Exercise:
Beginning with the line that holds "this 1288×966 image." and ending with the last line below, repeat each line exactly, leaving any pictures out.

Exercise inputs:
***

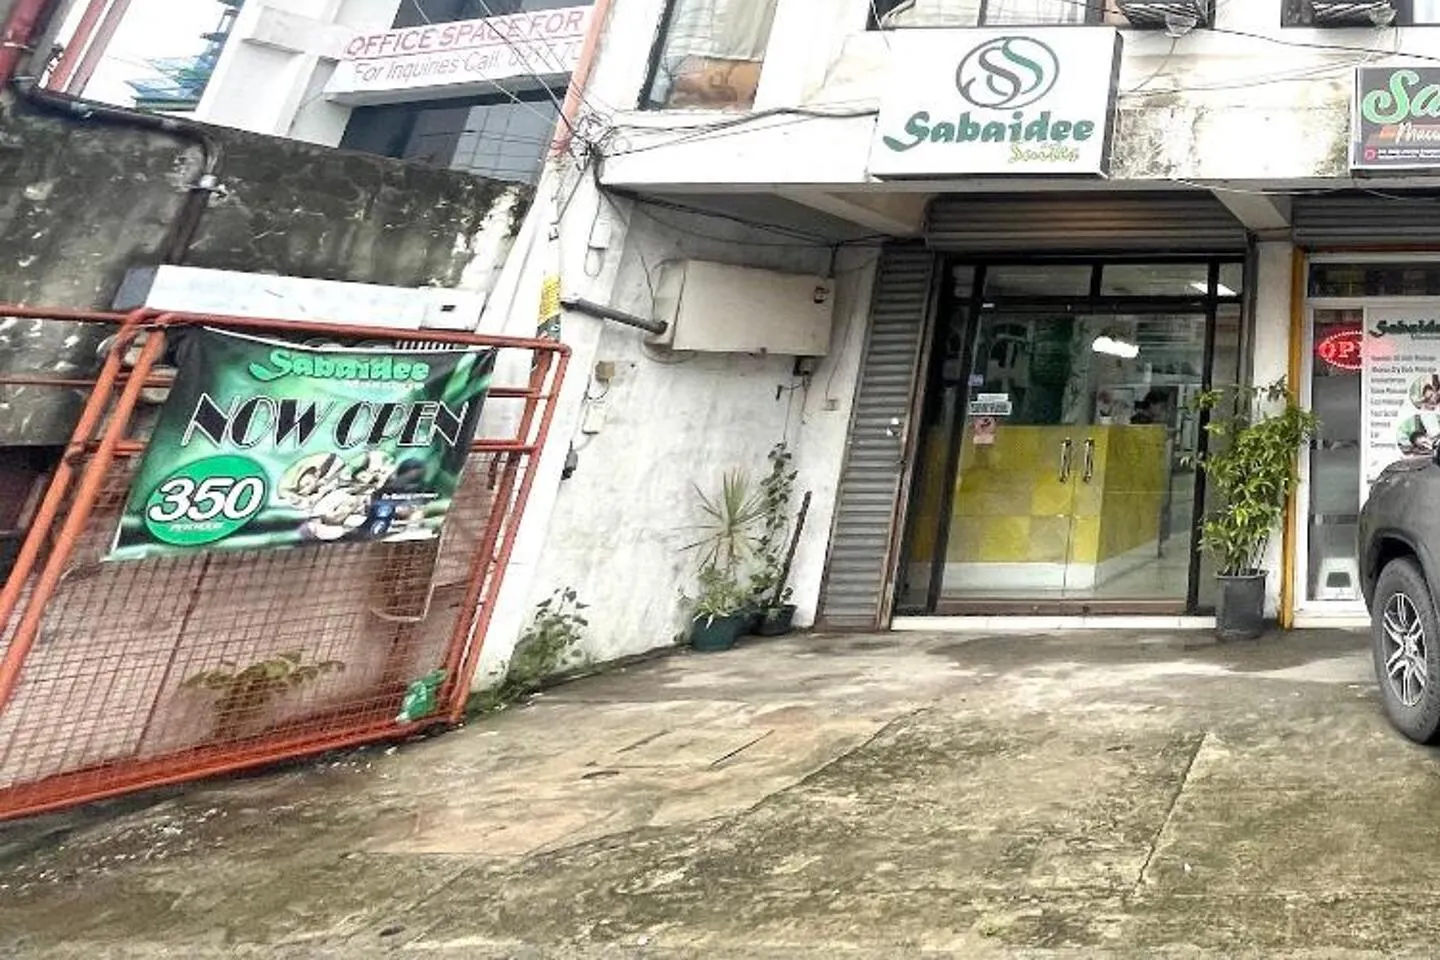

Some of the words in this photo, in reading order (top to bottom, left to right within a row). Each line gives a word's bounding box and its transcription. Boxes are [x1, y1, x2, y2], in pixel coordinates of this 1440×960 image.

[346, 29, 433, 56] OFFICE
[439, 19, 521, 46] SPACE
[529, 10, 585, 35] FOR
[355, 60, 385, 82] For
[883, 110, 1096, 152] Sabaidee
[249, 348, 431, 382] Sabaidee
[181, 392, 334, 449] NOW
[333, 399, 470, 450] OPEN
[148, 475, 266, 522] 350
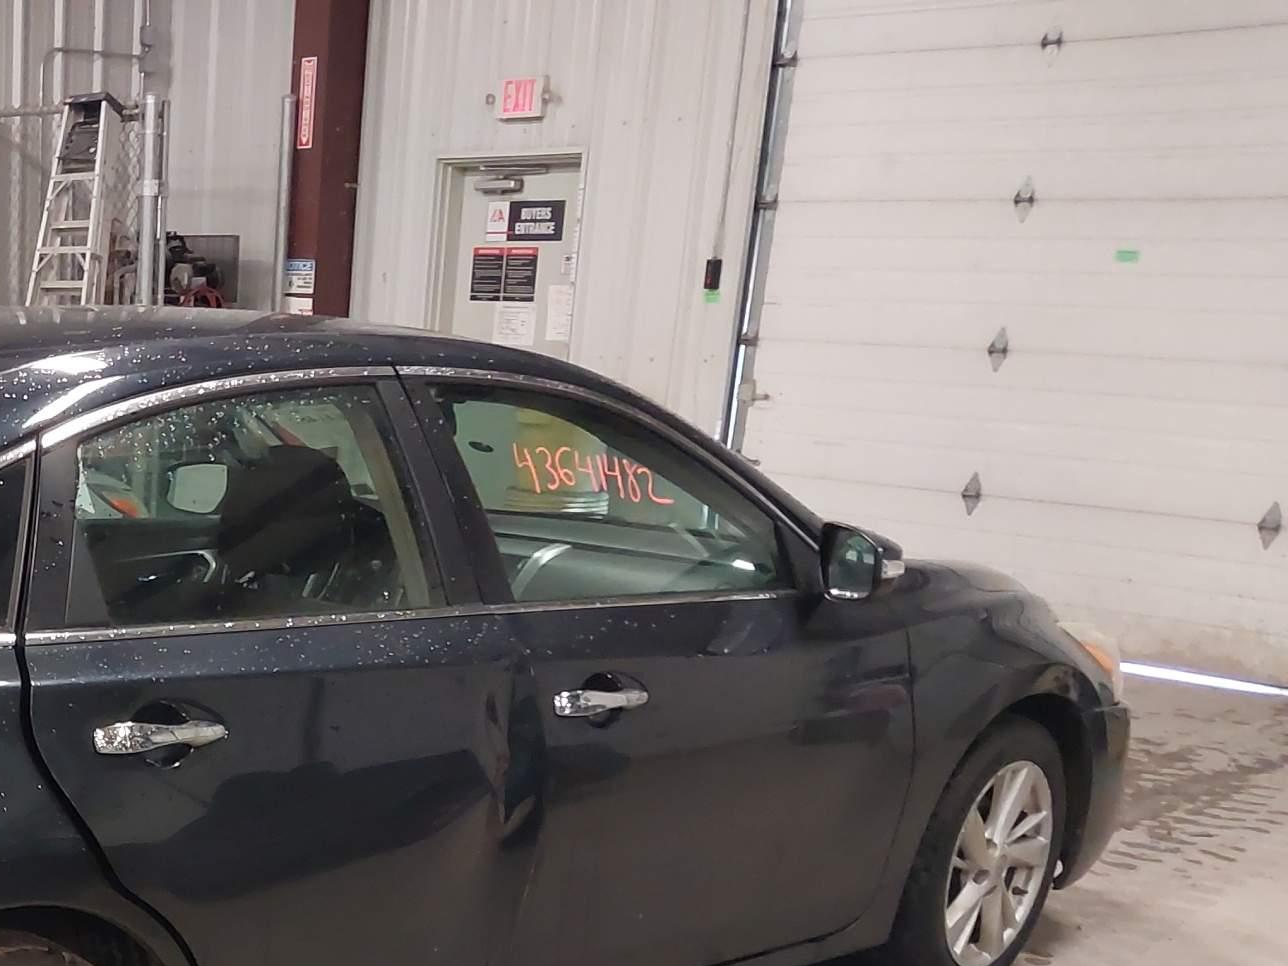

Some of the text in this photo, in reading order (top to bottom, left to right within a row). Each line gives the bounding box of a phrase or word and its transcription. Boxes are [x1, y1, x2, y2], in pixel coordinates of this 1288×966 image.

[503, 79, 536, 113] EXIT
[521, 207, 552, 220] BUYERS
[515, 221, 556, 235] ENTRANCE
[512, 443, 675, 504] 43641482
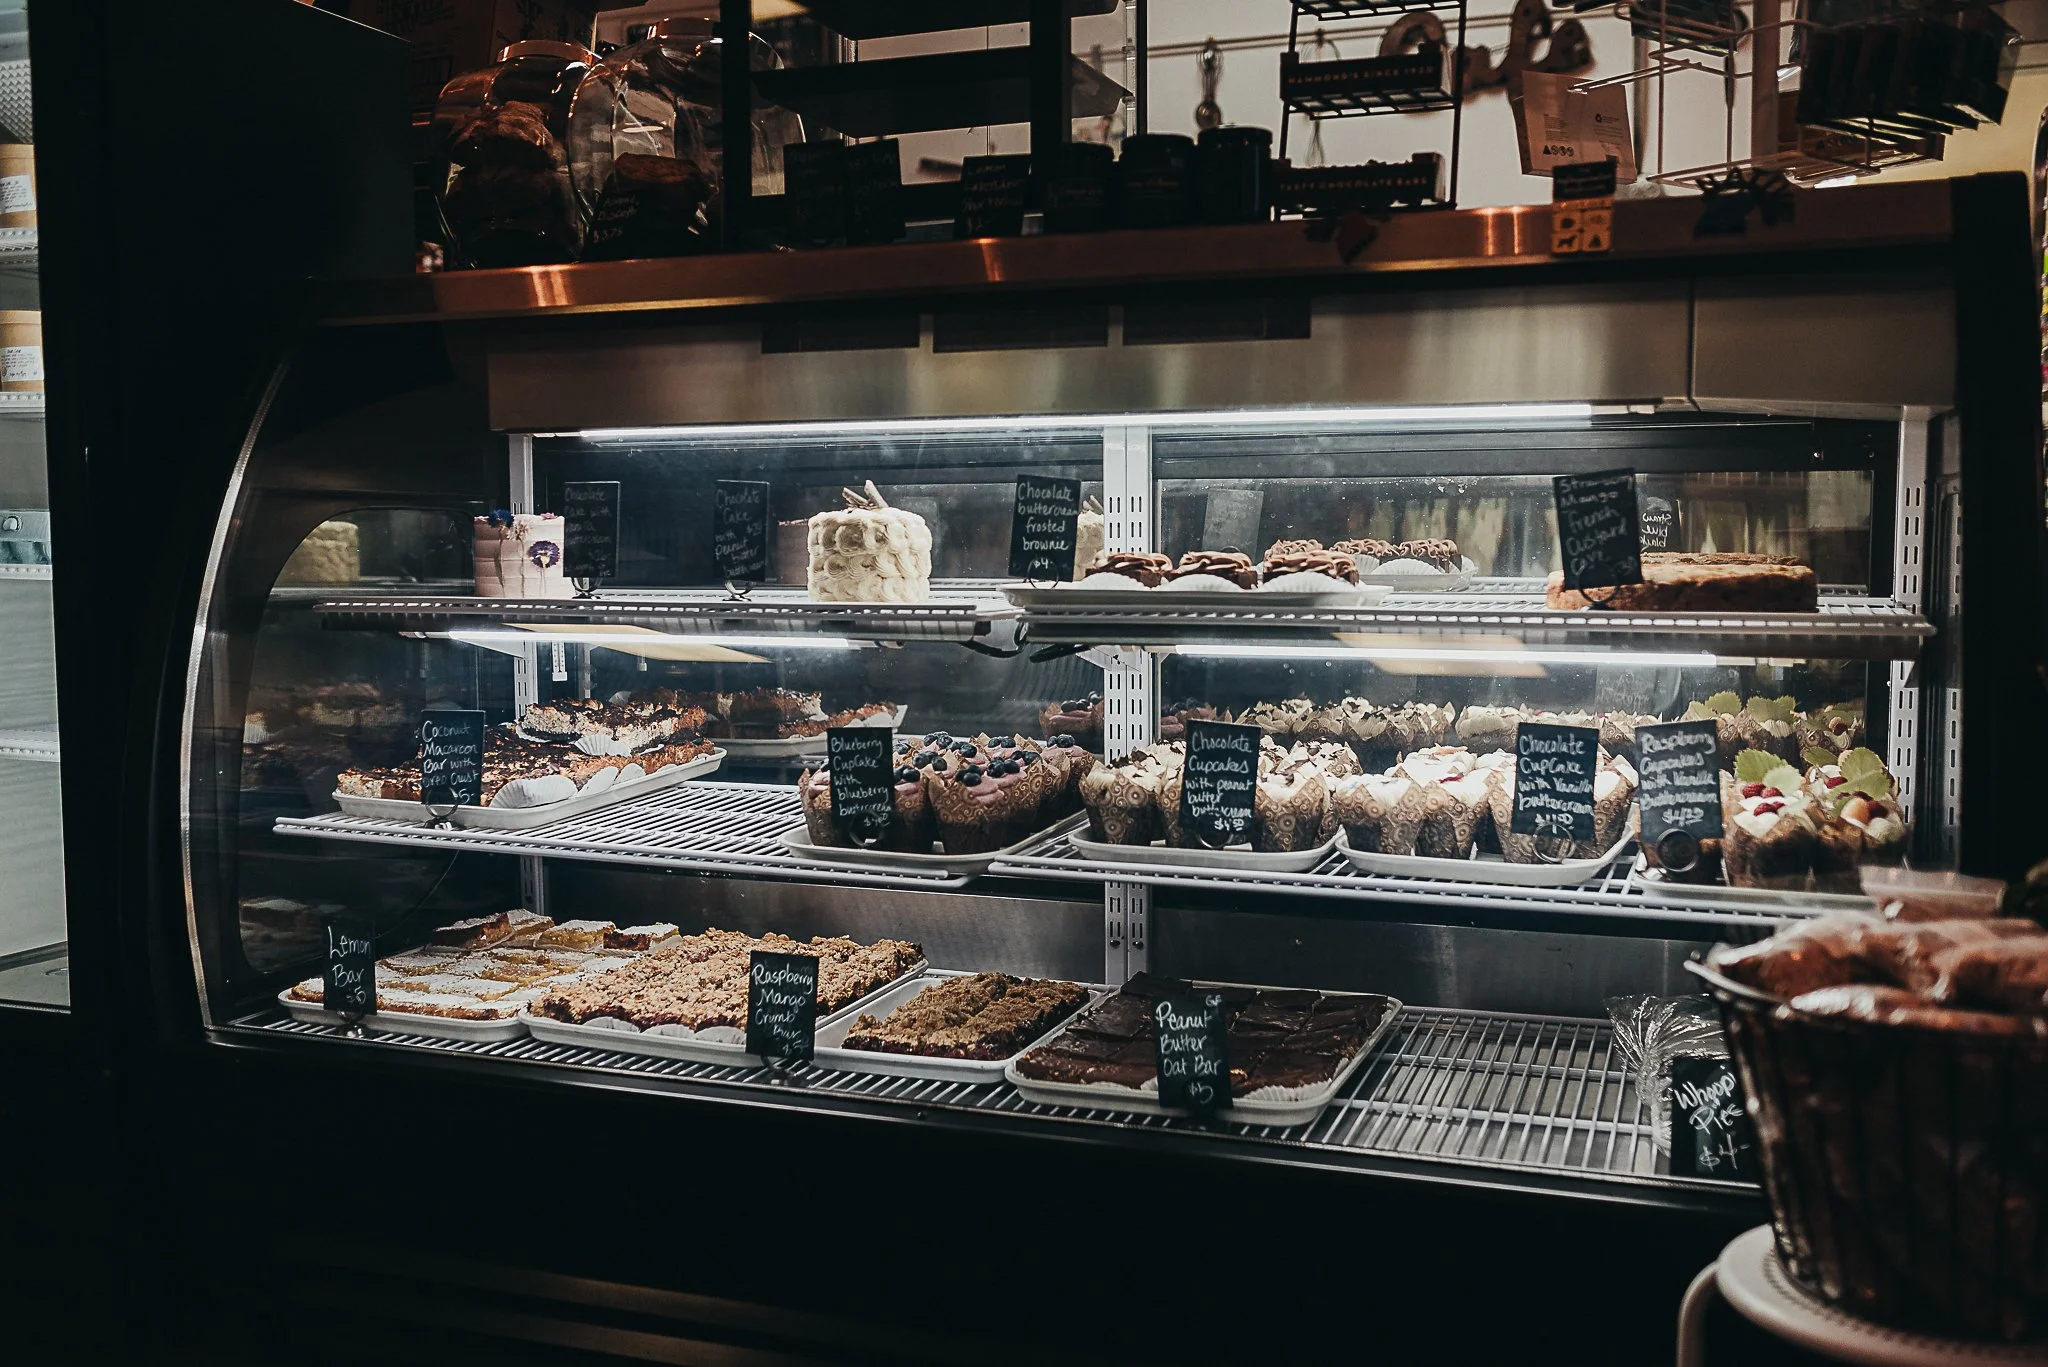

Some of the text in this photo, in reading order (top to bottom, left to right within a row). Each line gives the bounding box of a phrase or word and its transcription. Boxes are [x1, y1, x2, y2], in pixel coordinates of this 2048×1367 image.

[1018, 481, 1075, 502] Chocolate
[1026, 516, 1066, 534] frosted
[1022, 536, 1069, 551] brownie
[422, 720, 472, 743] Coconut
[1191, 730, 1254, 754] Chocolate
[1641, 730, 1717, 754] Raspberry
[830, 736, 883, 760] Blueberry
[1519, 732, 1587, 756] Chocolate
[423, 756, 477, 774] Bar with
[1188, 755, 1250, 775] Cupcakes
[1185, 777, 1254, 795] with peanut
[1517, 776, 1552, 792] with
[1641, 776, 1673, 791] with
[837, 786, 889, 804] blueberry
[1187, 791, 1224, 805] butter
[327, 925, 372, 959] Lemon
[331, 963, 365, 988] Bar
[752, 962, 814, 995] Raspberry
[755, 987, 807, 1014] Mango
[755, 1008, 796, 1026] Crumb
[1155, 1000, 1213, 1031] Peanut
[1160, 1033, 1208, 1055] Butter
[1163, 1054, 1223, 1078] Oat Bar

***

Solved problem:
Some of the text in this photo, in reading order (top to bottom, left to right within a row). Each line gives the bounding box of a phrase or word and its transcription. Boxes are [x1, y1, x2, y2], in pixel coordinates of this 1288×966 image.

[503, 79, 536, 113] EXIT
[521, 207, 552, 220] BUYERS
[515, 221, 556, 235] ENTRANCE
[512, 443, 675, 504] 43641482

Some of the text in this photo, in reading order (top to bottom, left to right within a row). Each line gives the bounding box of a phrase or word and its transcription. Boxes are [x1, y1, x2, y2], in pixel coordinates of this 2048×1367 image.

[1018, 481, 1075, 502] Chocolate
[1026, 516, 1066, 534] frosted
[1022, 536, 1069, 551] brownie
[422, 720, 472, 743] Coconut
[1191, 730, 1254, 754] Chocolate
[1641, 730, 1717, 754] Raspberry
[830, 736, 883, 760] Blueberry
[1519, 732, 1587, 756] Chocolate
[423, 756, 477, 774] Bar with
[1188, 755, 1250, 775] Cupcakes
[1185, 777, 1254, 795] with peanut
[1517, 776, 1552, 792] with
[1641, 776, 1673, 791] with
[837, 786, 889, 804] blueberry
[1187, 791, 1224, 805] butter
[327, 925, 372, 959] Lemon
[331, 963, 365, 988] Bar
[752, 962, 814, 995] Raspberry
[755, 987, 807, 1014] Mango
[755, 1008, 796, 1026] Crumb
[1155, 1000, 1213, 1031] Peanut
[1160, 1033, 1208, 1055] Butter
[1163, 1054, 1223, 1078] Oat Bar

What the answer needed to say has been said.